Enables better decision-making. DWR is subject to several water rights and environmental regulations, such as, State Water Board Decision 1641 (2000), that mandate significant water management actions to protect water quality and quantity based on real-world conditions. These actions are set in motion in response to real-time environmental data. This collaboration will enable DWR water managers to deliver water to customers more efficiently and effectively (save money and other resources). Water contractors can confidently make decisions about water treatment that save treatment resources and improve the public’s satisfaction with water delivery. Data users can be confident that data has been reviewed completely and consistently.
DWR produces high quality data to the public. This fosters a culture of excellence for conducting research and co-producing analysis with others. The first goal of the DWR Strategic Plan (2023) is to be an employer of choice, which means attracting, developing, and supporting employees to do the best work possible and with the necessary tools to do it.
Serves as a framework for different types of continuous monitoring data.

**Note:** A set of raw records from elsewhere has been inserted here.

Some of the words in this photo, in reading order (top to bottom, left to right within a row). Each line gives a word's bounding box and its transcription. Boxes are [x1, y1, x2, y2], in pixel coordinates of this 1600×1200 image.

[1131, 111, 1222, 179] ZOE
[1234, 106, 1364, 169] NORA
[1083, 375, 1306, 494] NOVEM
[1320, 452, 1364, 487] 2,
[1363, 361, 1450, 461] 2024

This framework can be easily extended to any one of the over 100 unique types¹ of continuous water, soil, and atmospheric data published in near real-time. Within these types, location-specific or time-specific tests can be customized to accurately discern anomalous data in the presence of local variability. Customized settings can capture institutional knowledge so that future staff can be brought on board with reduced need for specialized training. This will encourage consistent data evaluation, standardization, compatibility, and interoperability.

¹ See environmental variables here: https://cdec.water.ca.gov/misc/senslist.html

Recommendations

Transitioning to a fully automatic pipeline

This is the first step toward DWR's ultimate goal of producing an automatic data processing pipeline that processes near real-time data using standardized data review methods, publishes the raw data together with the reviewed and quality-controlled data in one, easy-to-use data repository using a standard data format, and identifies outliers, missing values, and errors using an informative flag. Implementing this requires a consensus-based approach on data standards.

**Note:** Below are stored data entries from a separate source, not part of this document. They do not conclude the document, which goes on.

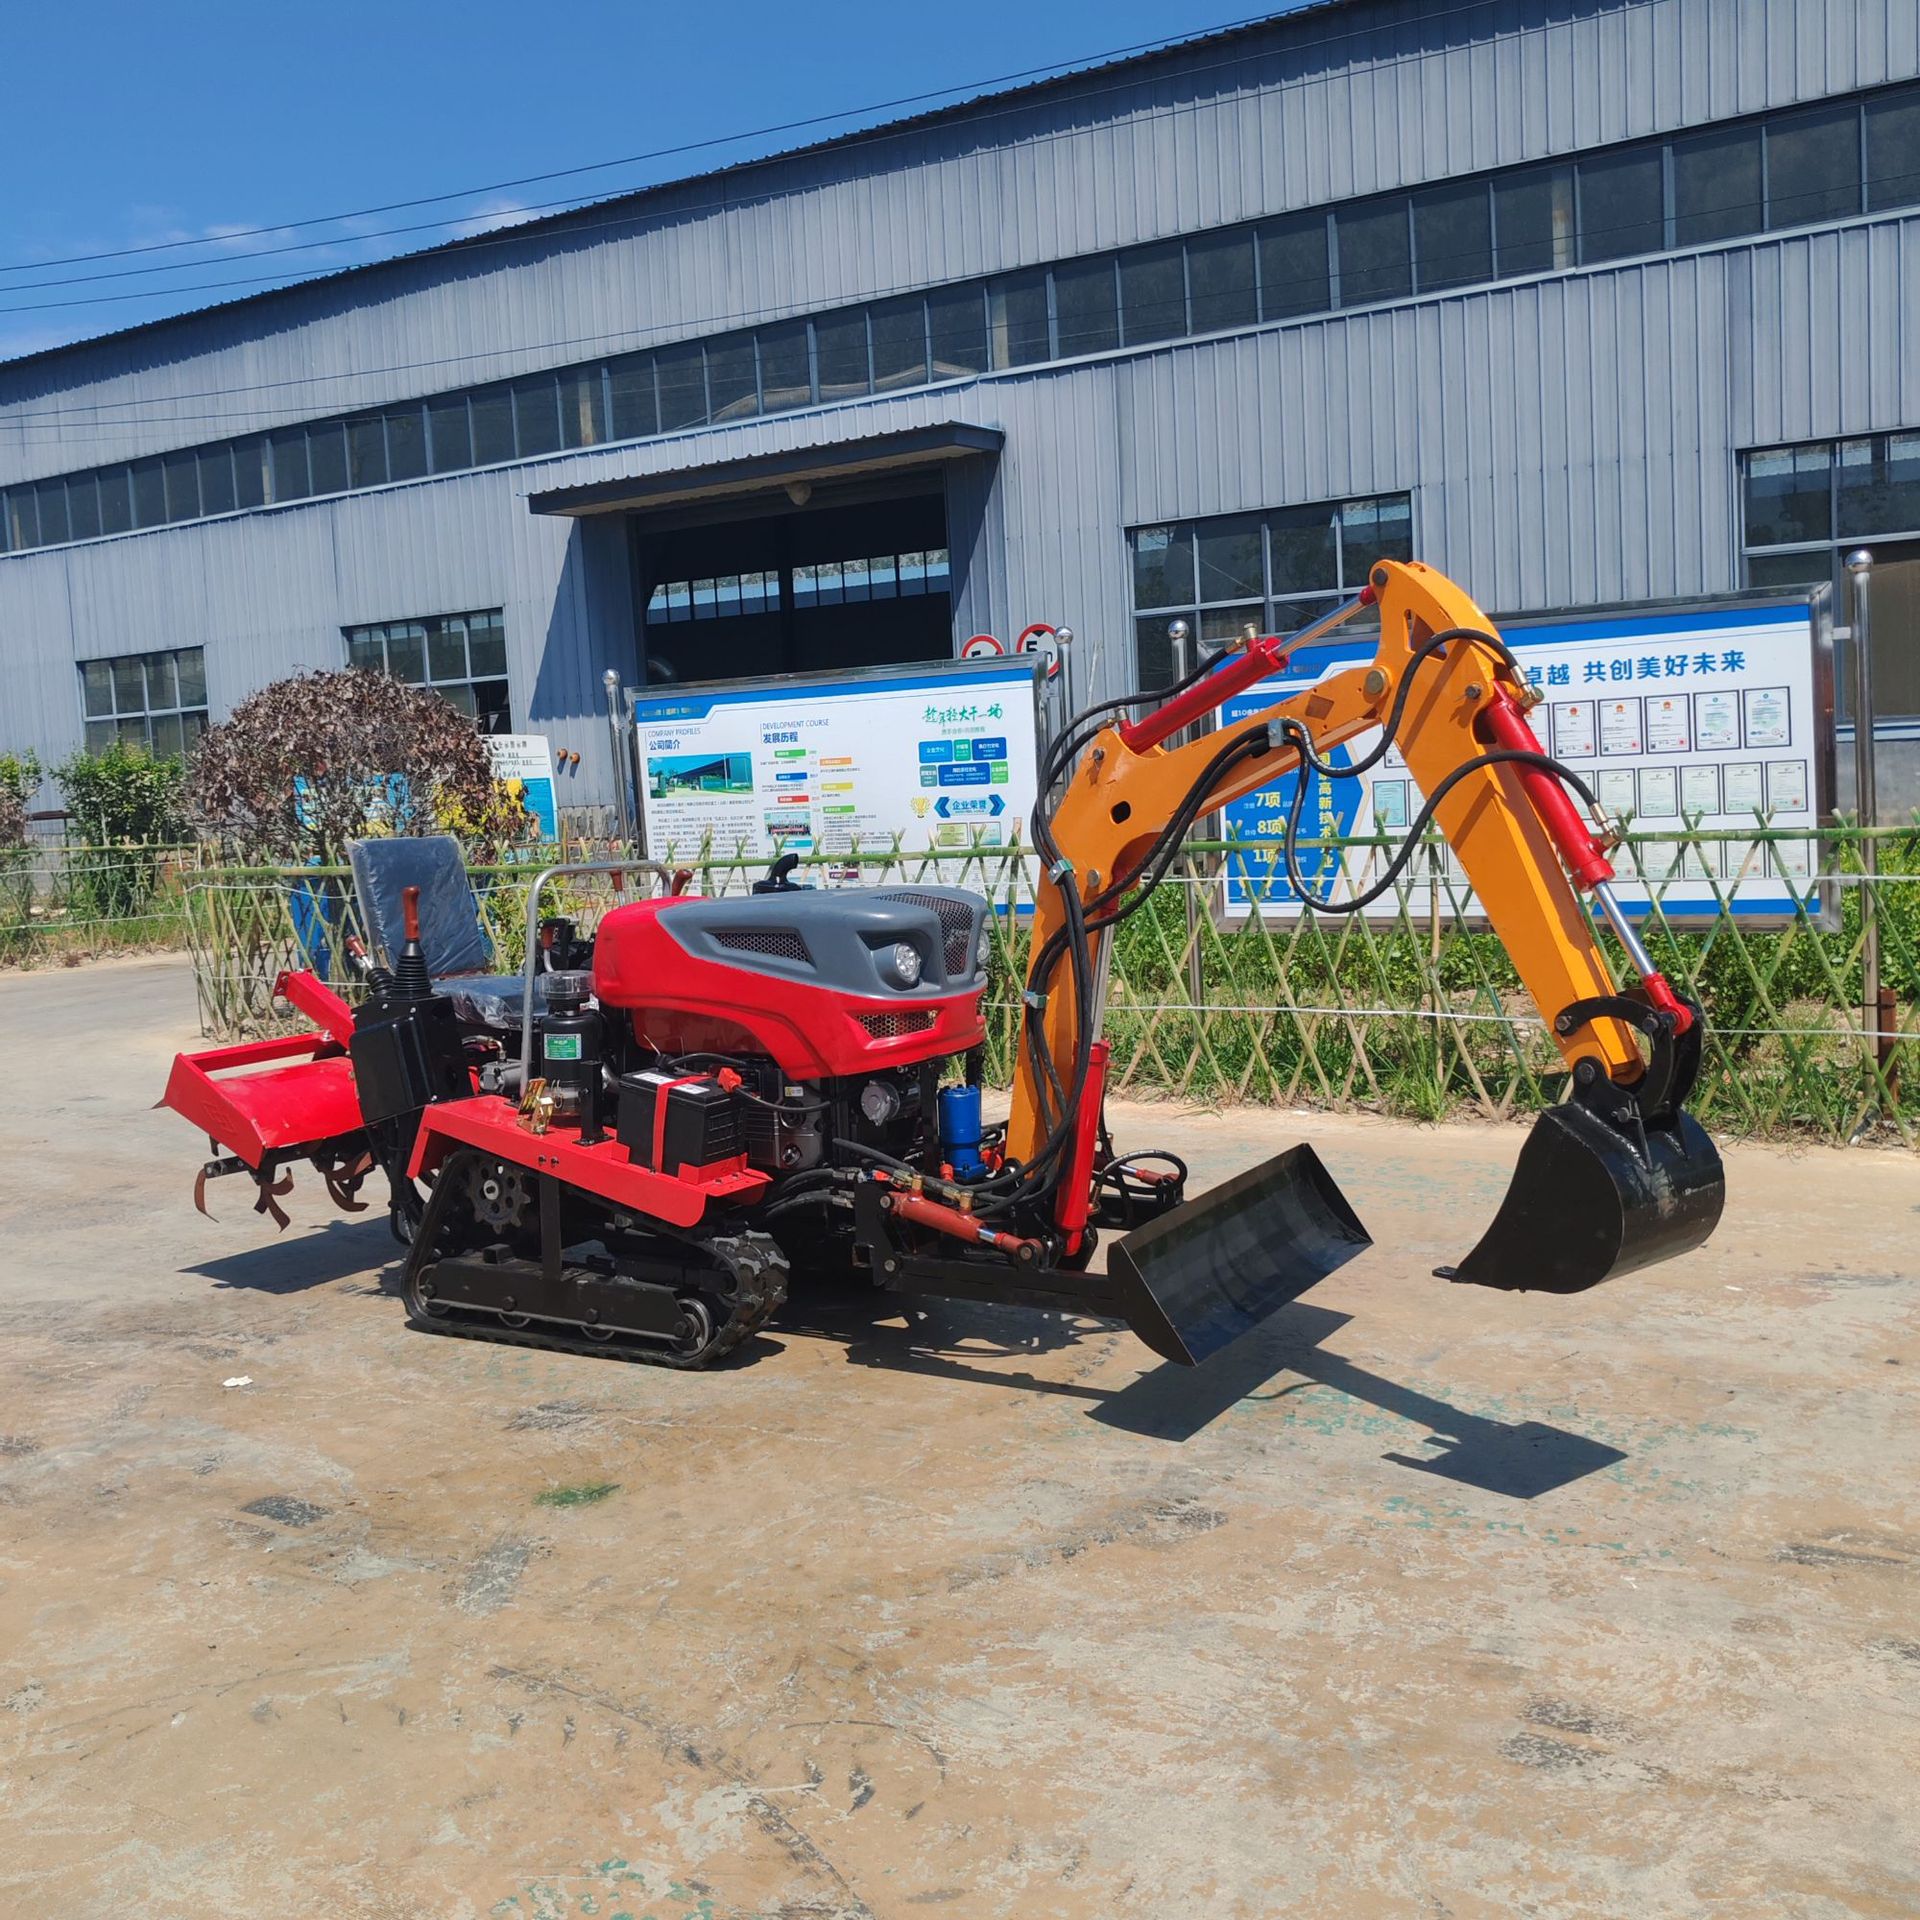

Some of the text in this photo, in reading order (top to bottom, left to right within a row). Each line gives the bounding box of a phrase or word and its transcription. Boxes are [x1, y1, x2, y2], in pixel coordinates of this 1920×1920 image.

[1583, 650, 1746, 684] 共创美好未来
[762, 718, 829, 730] DEVELOPMENT COURSE
[648, 727, 702, 738] COMPANY PROFILES
[763, 731, 798, 743] 发展历程
[649, 739, 680, 750] 公司简介
[952, 800, 987, 810] 企业荣誉
[1254, 791, 1281, 808] 7项
[1318, 752, 1334, 868] 国高新技术业

Here are our recommendations for transitioning to a fully automatic pipeline:

Implement and prioritize data quality and data publication policies that set standardized methodologies for review methods, data formats, and data repositories as well as standard time frames to make reviewed data publicly findable and accessible. These policies would represent a minimum standard, with staff empowered to innovate beyond the minima.
Socialize this policy. Through usability testing, we found that some groups do review data in their day-to-day work, but not necessarily by using the tests recommended by the Outlier Detection Test Best Practices document (Department of Water Resources, 2026). This may be due to lack of awareness of the recommended tests. Some groups were effectively performing some of the data quality review tests, through other means. Providing a tool with this set of tests easily accessible will reduce thresholds to wide adoption throughout the organization.

Incorporating machine learning methods

We developed a prototype machine learning model to detect outliers in water quality data. As a test, we attempted to automatically identify outliers in 35 years of pH data, from 1989 to 2024, from the Barker Slough Pumping Plant (BKS).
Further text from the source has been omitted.